"It can't be done by giving them rest rooms with Turkish rugs nor porcelain bathtubs, nor by installing a moving-picture show for them to watch while they eat lunch," said the professor. "It can't be done with money alone. It would work in isolated cases. Give some men a sufficient wage and they would correct their ways of living; they would learn to live decently, and they would save for the rainy day and for old age. I don't venture an estimate of the proportion…. But there would be the fellows whose increased pay meant only that much more to spend. Mighty little would filter through to improve the conditions of their actual living…. In any scheme there will have to be some way of regulating the use of the money they earn—and that's paternalism."

"Can it be made to work? It's your honest opinion I'm after."

"I don't believe it, but, young man, it will be the most interesting experiment I ever engaged in. Have you any ideas?"

"My basic idea is to pay them enough so they can live in comfort. …"

"And then you've got to find some machinery to compel them to live in comfort."
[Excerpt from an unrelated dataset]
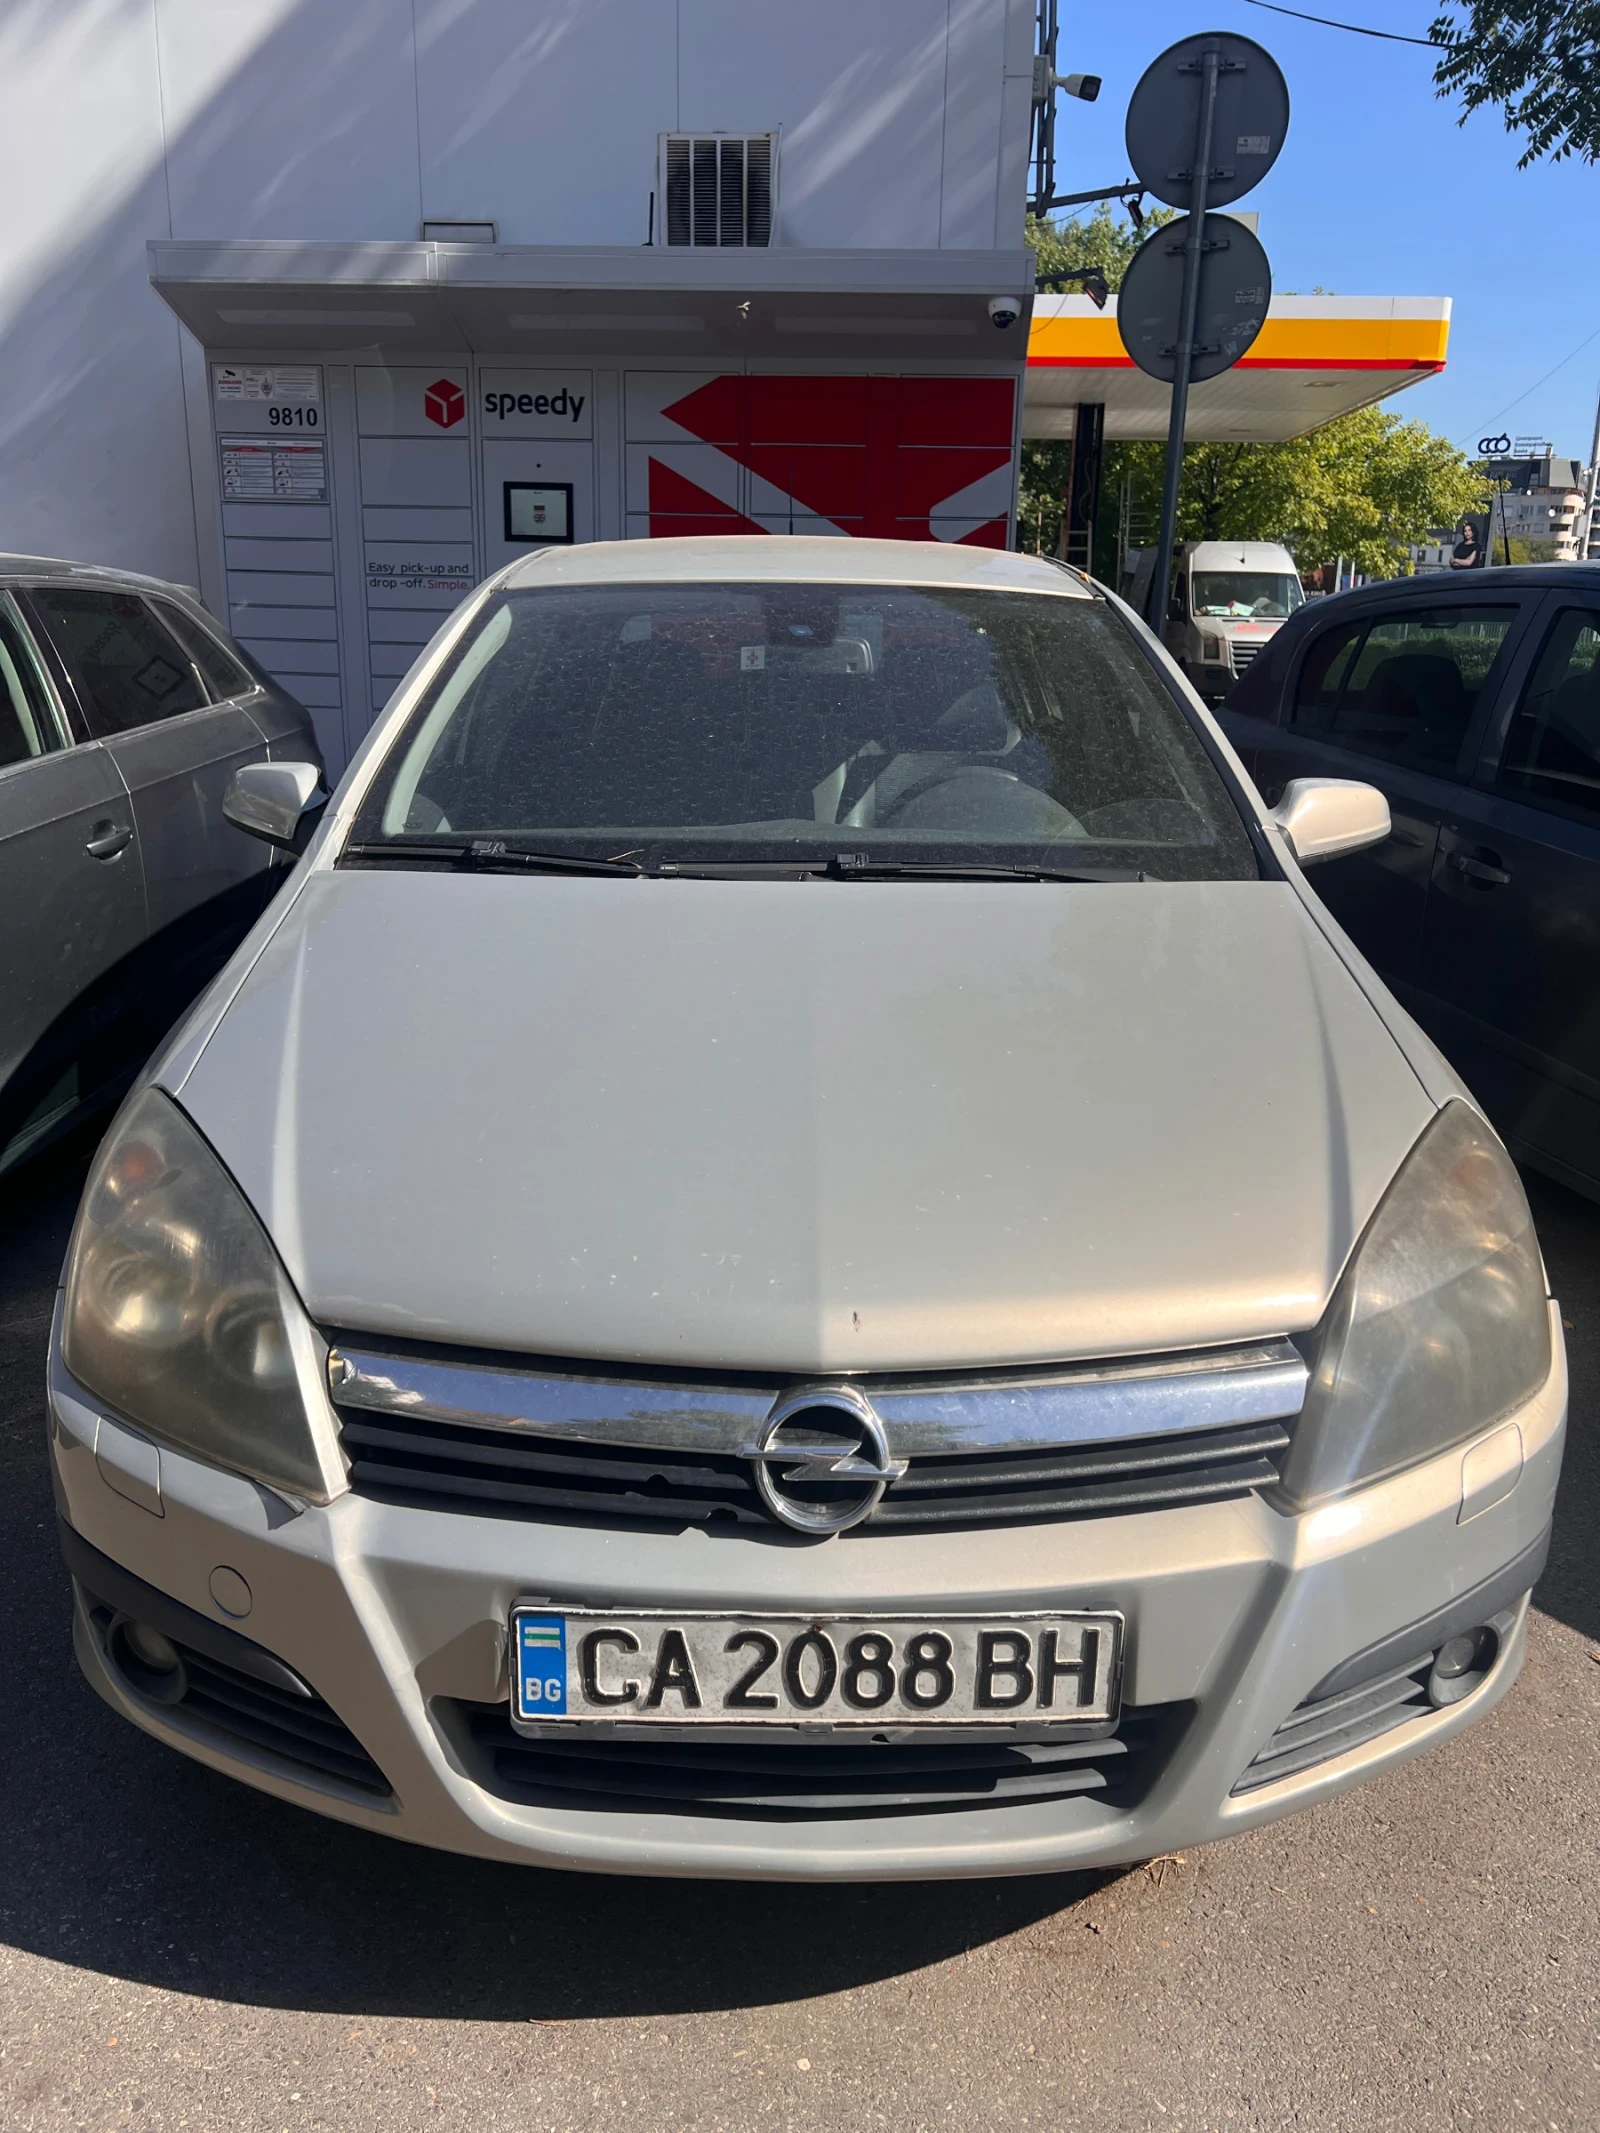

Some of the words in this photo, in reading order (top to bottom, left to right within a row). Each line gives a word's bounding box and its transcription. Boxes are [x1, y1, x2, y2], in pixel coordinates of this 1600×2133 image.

"I'd like to see every employee of this concern the owner of his home.
I'd like to feel that no man's wife is a drudge. An astonishingly large
number of wives do washing, or work out by the day…. And boarders.
The boarder is a problem."

"You HAVE been thinking," said the professor. "Do I understand that you are offering me the chance to work with you on this experiment?"

"Yes."

"I accept…. I never dreamed I'd have a chance to meddle with human lives the way you seem to want to meddle with them…."

So they went to work, and day after day, week after week, their plan grew and expanded and embraced unforeseen intricacies. Bonbright approached it from the practical side always. The professor came to view him with amazement—and with respect.